厳密にいえば、ピカドンがさく裂したときに、父は爆心地の近くにいなかったため、原爆手帳を申請する権利はなかったはずなのだが、当時の引率教諭の判断で、生徒は、ピカドンがさく裂したときに、爆心地の近くにいたことにして、全員申請して認められたらしい。

原爆手帳を持っていたおかげで、父はその後、死ぬまで病院での医療を無料で受けられることになった。

父の実家は広島市の北にあり、広島市内とは山をひとつ隔てているため、原爆の爆風や熱風による被害を受けなかった。父の実家は農家で庭も広く食料もあったため、原爆被害者を一時期多数収容していたと聞いている。


父は晩年白内障や胃がんの手術をしたが、いずれも結果がよく比較的元気に過ごしていた。
しかし、2012年2月に健康診断で末期のすい臓がんが発見された。2012年5月に広島大学病院で摘出手術を受けたが、その後がんは肝臓に転移したため、いくつかの治療の選択肢の中から肝動脈を経由した血管内カテーテルによる抗がん剤治療を選択した。
その後は病気続きで、2013年5月のゴールデンウイークには肝動脈流破裂を経験し危篤になったが、血管内カテーテル治療と輸血で一命をとりとめた。
しかし、最後はいくつかの病院を転院した後、2013年6月30日久留米中央病院で家族が見守る中で帰らぬ人となった。

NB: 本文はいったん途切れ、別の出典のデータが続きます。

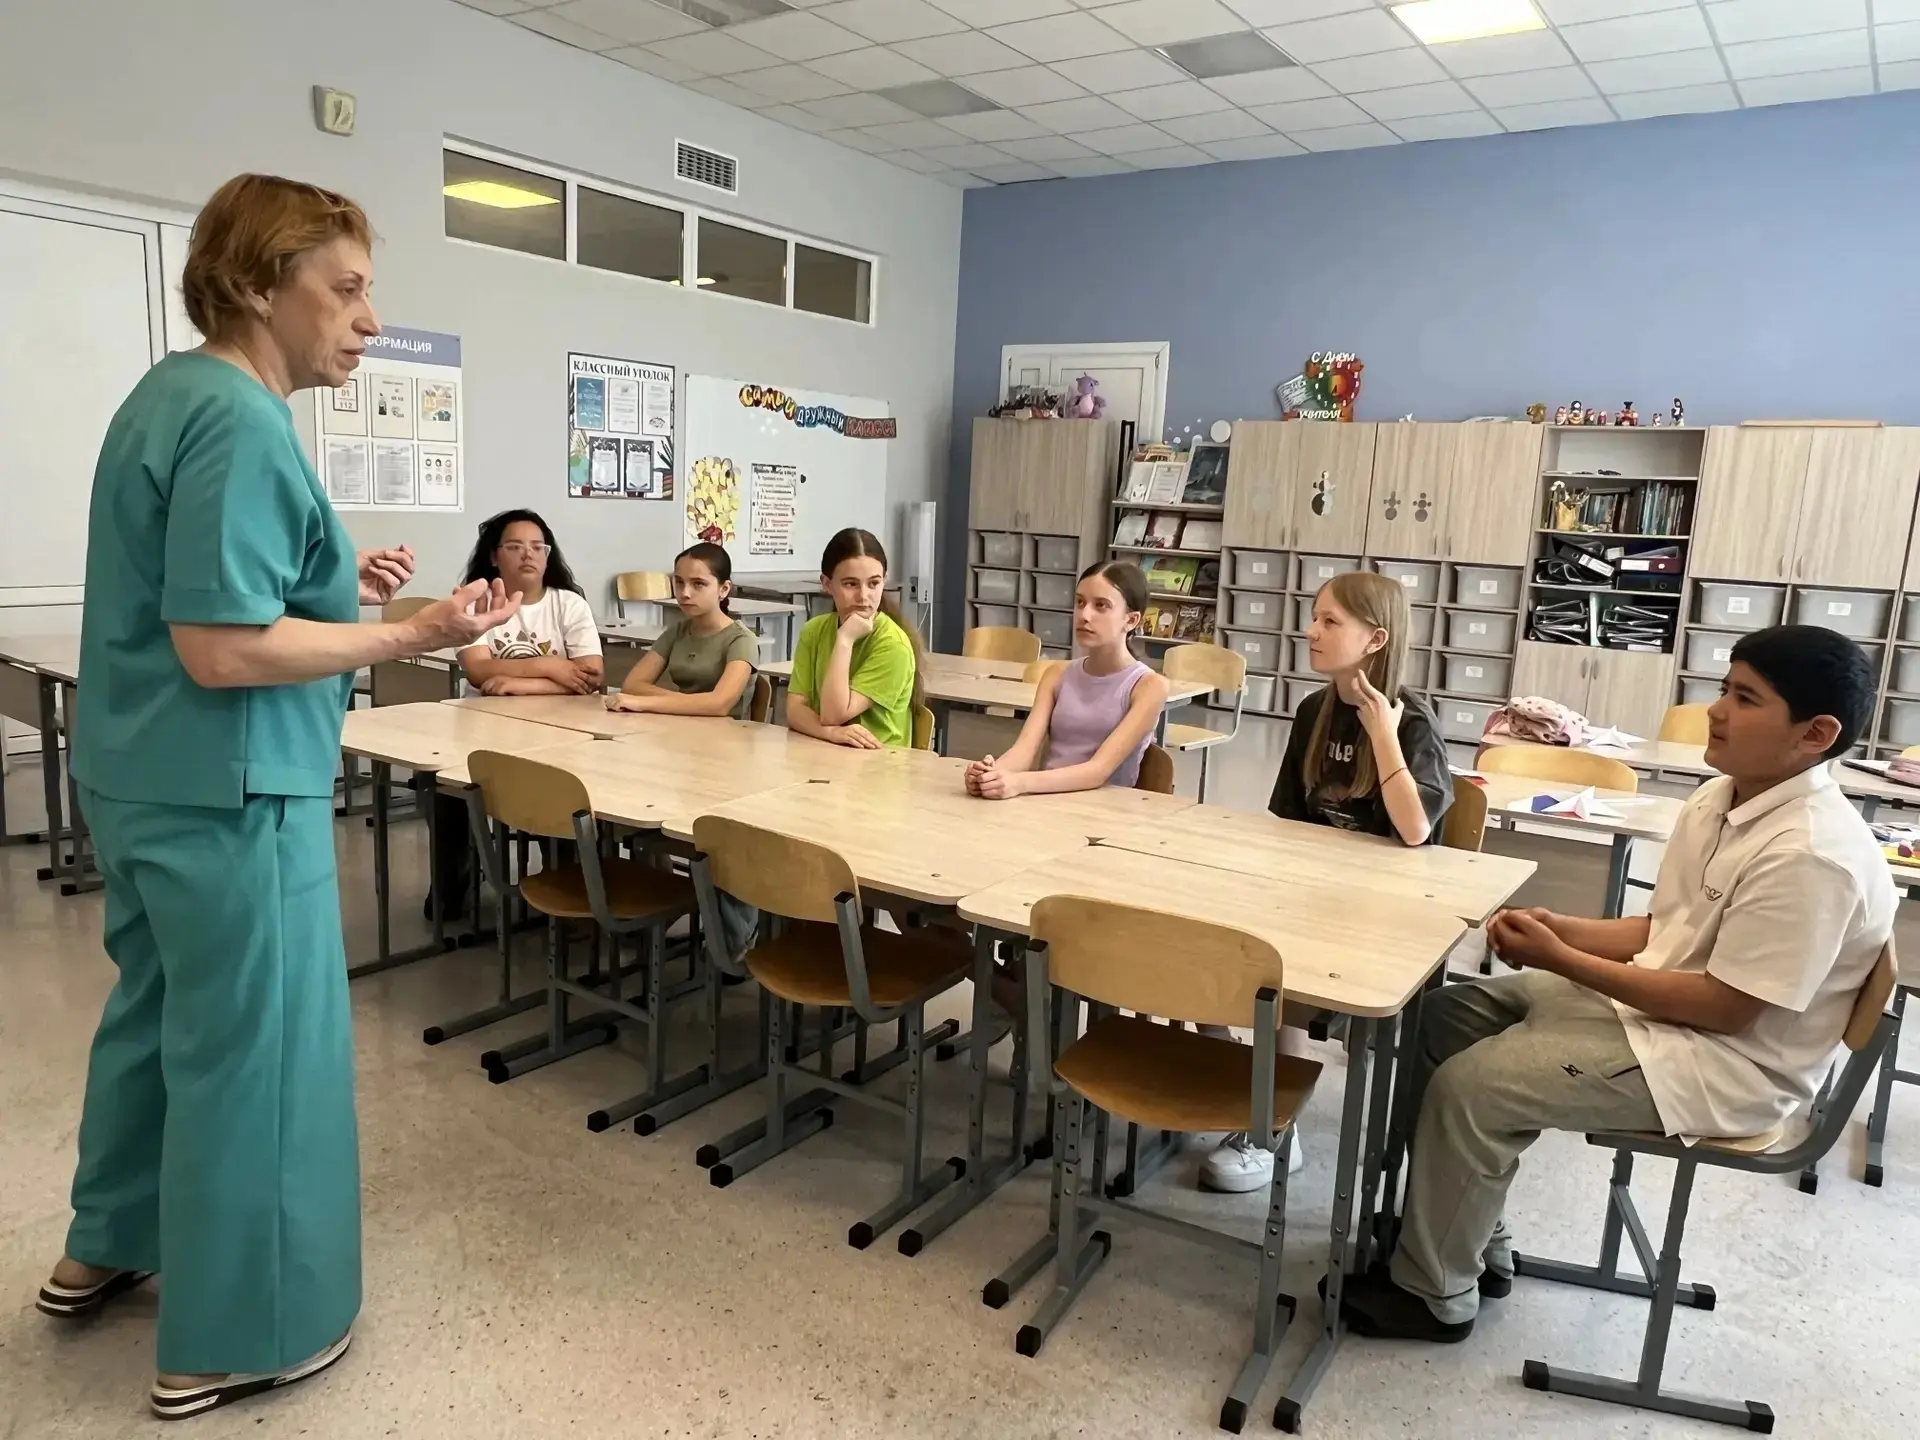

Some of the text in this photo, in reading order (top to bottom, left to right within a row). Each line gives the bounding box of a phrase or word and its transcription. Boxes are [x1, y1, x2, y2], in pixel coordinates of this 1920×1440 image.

父は亡くなる一か月くらい前に、「私がすい臓がんになったのは、被爆したからかもしれない。」と言っていた。14歳の時の被爆体験が、82歳まで影響するのだろうか。私にはよくわからない。

現在86歳の母は、その後一人で実家で暮らしている。母の面倒は、近くに住む妹が見てくれている。


母は時々用事もないのに電話をかけてくる。「欲しいものがあったら送ってあげる。」という内容が多いのだが、都会に住む私に欲しいものがあるわけではない。いらないというのだが、それでも何度か同じ電話をかけてくる。老人性痴呆の影響もあるのだろう。

毎日多忙な私はそのような母からの電話をつい面倒に思ってしまう。

そんな私は、長男として、母の葬式でのあいさつ文をもう考え始めている今日この頃である。

ところで、「猫を棄てる」の85ページあたりで、父との間で葛藤があったと記してあり、そのことが原因で父と20年以上顔を合せなかったとある。親子げんかであればどこの家庭でもよくあると思うが、20年以上顔を合せなかったとは、どこの家庭でもよくある話ではない。相当の理由があったはずであるが、村上春樹は理由を伏せている。個人的な話でもあるし詳しくは書く必要はないが、あらましだけでも書いてほしかった。